Grave Spotlight

In a way, cemeteries are like libraries. They contain the final resting places of thousands of people, each with their own separate and unique story. Some of these people are famous, and their stories are well known. Most are not, but that doesn't make their life any less interesting or their stories any less worthy of being told and remembered.

Periodically, we'll spotlight a different Los Angeles-area grave. Every person has a story, and we will use this space to tell their story, through their final resting place.

After your tour of the virtual cemetery, don't forget to visit the official store (or the brand new downtown location) on your way out and pick up a souvenir or two. Thanks!

George A. Ralphs

(Sept. 23, 1850 - June 21, 1914)

Aug. 7, 2010 -- If you live in Southern California and you've purchased groceries at any time during the past 100 years, you probably know the name "Ralphs."

Ralphs Grocery Company is a major supermarket chain in the Southern California area with more than 250 supermarkets, and is the oldest grocery chain west of the Mississippi River. And, as with other major corporations, it's sometimes difficult to believe that the whole operation started with one man and one idea.

Ralphs Grocery Company was founded in 1873 in downtown Los Angeles by 23-year-old George Albert Ralphs, a one-armed former bricklayer from Missouri, and has become one of the most popular and successful grocery chains in Southern California.

Ralphs was born on Sept. 23, 1850, in Joplin, Mo., the second of eight children of English immigrants Richard and Mary Newell Ralphs. When he was a young boy, his parents decided to move to California, so they set off in a covered wagon with five yoke of oxen. In Kansas, they joined up with a west-bound caravan. When the caravan reached Colorado, they were attacked by Indians. Half of the caravan split off, and they were assumed to have been killed by the Indians.

After 18 months of travel, the Ralphs family finally arrived in Los Angeles. Shortly after arriving, George Ralphs learned the trade of bricklaying, and he was soon recognized in competitions as the champion bricklayer in California, and worked on many buildings in Los Angeles.
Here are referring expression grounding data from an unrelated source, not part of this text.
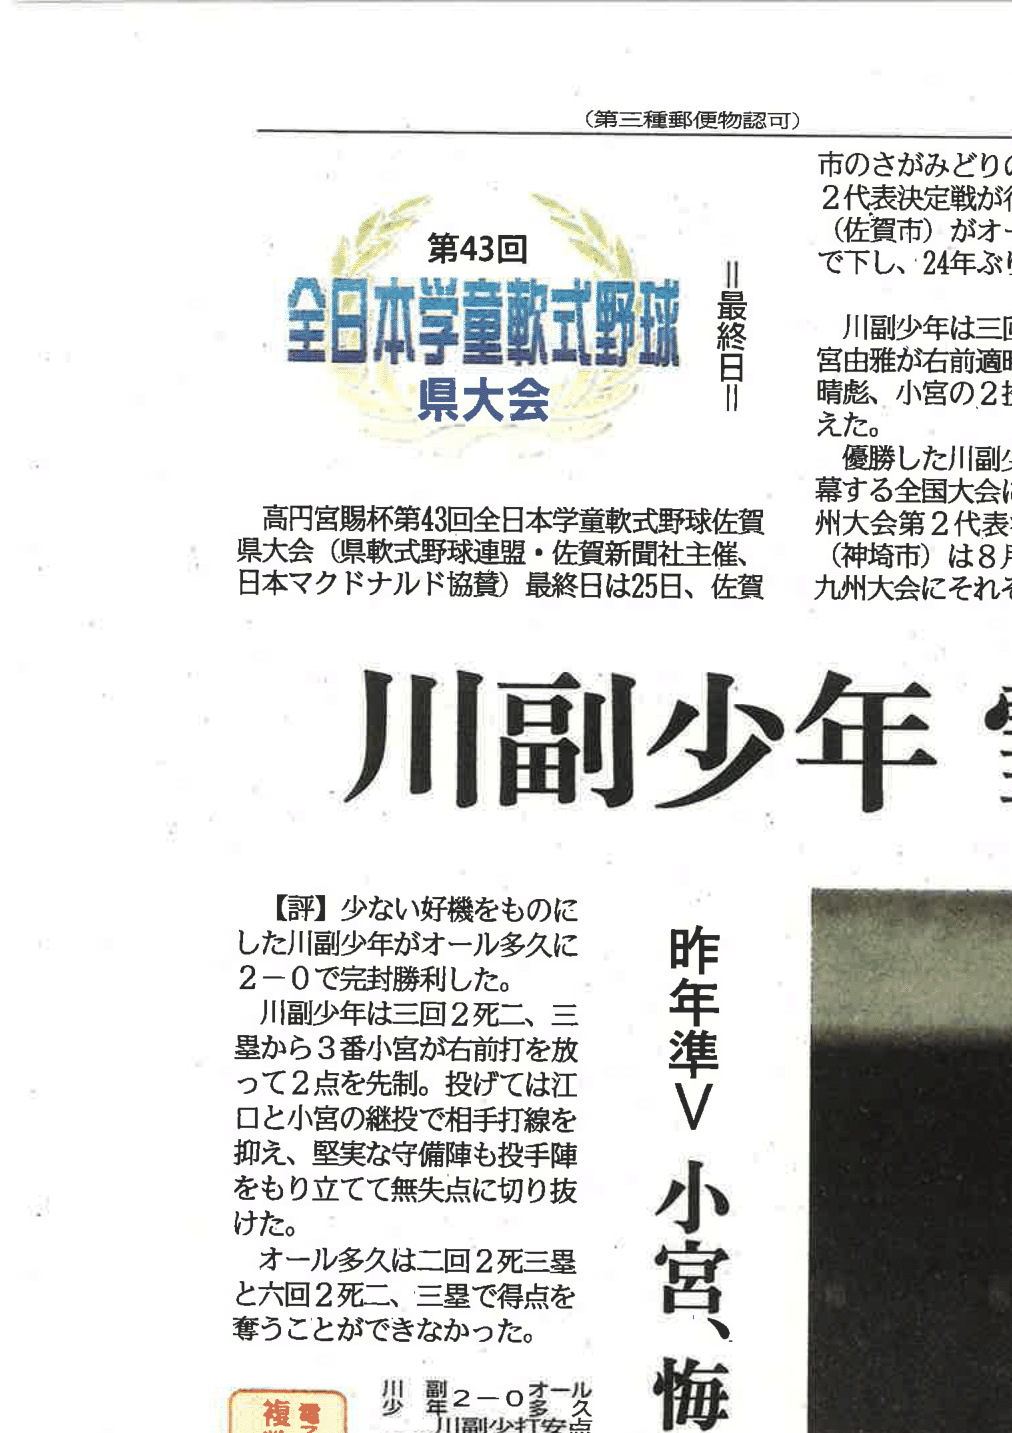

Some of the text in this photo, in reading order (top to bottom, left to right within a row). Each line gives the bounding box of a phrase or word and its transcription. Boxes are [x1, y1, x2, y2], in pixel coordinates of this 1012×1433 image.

[586, 110, 799, 129] （第三種郵便物認可）
[428, 232, 526, 264] 第43回
[287, 276, 680, 367] 全日本学童軟式野球
[418, 377, 550, 422] 県大会
[818, 411, 878, 437] えた。
[263, 504, 764, 535] 高円宮賜杯第43回全日本学童軟式野球佐賀
[237, 537, 746, 567] 県大会（県軟式野球連盟・佐賀新聞社主催、
[240, 569, 764, 600] 日本マクドナルド協賛）最終日は25日、佐賀
[344, 670, 937, 813] 川副少年
[277, 894, 578, 922] 【評】少ない好機をものに
[239, 930, 578, 958] した川副少年がオール多久に
[260, 1000, 578, 1027] 川副少年は三回2死二、三
[234, 1035, 578, 1062] 塁から3番小宮が右前打を放
[238, 1070, 577, 1098] って2点を先制。投げては江
[238, 1104, 576, 1133] 口と小宮の継投で相手打線を
[234, 1139, 577, 1168] 抑え、堅実な守備陣も投手陣
[234, 1175, 577, 1204] をもり立てて無失点に切り抜
[234, 1210, 294, 1236] けた。
[260, 1247, 576, 1274] オール多久は二回2死三塁
[236, 1281, 575, 1309] と六回2死二、三塁で得点を
[233, 1316, 532, 1343] 奪うことができなかった。
After he lost an arm in a hunting accident, he had to give up the bricklaying trade, and went to work as a clerk in a grocery store at the corner of Fifth and Hill streets in downtown Los Angeles. (Despite his injury, Ralphs remained an avid and successful hunter for the rest of his life.)

With his savings and experience in the grocery business, Ralphs and a partner opened their own store at the corner of Sixth and Spring streets in downtown Los Angeles in 1873. After being in business together for two years, Ralphs and his partner had a disagreement over the operation of the store, so the partner gave Ralphs an ultimatum -- Ralphs could either buy him out for $1,100, or the partner would buy Ralphs out for the same amount. Ralphs didn't have the $1,100, but his younger brother, Walter B. Ralphs, who owned a successful ranch near San Bernardino, did. So Walter bought out the partner, and the business became Ralphs Brothers Grocers.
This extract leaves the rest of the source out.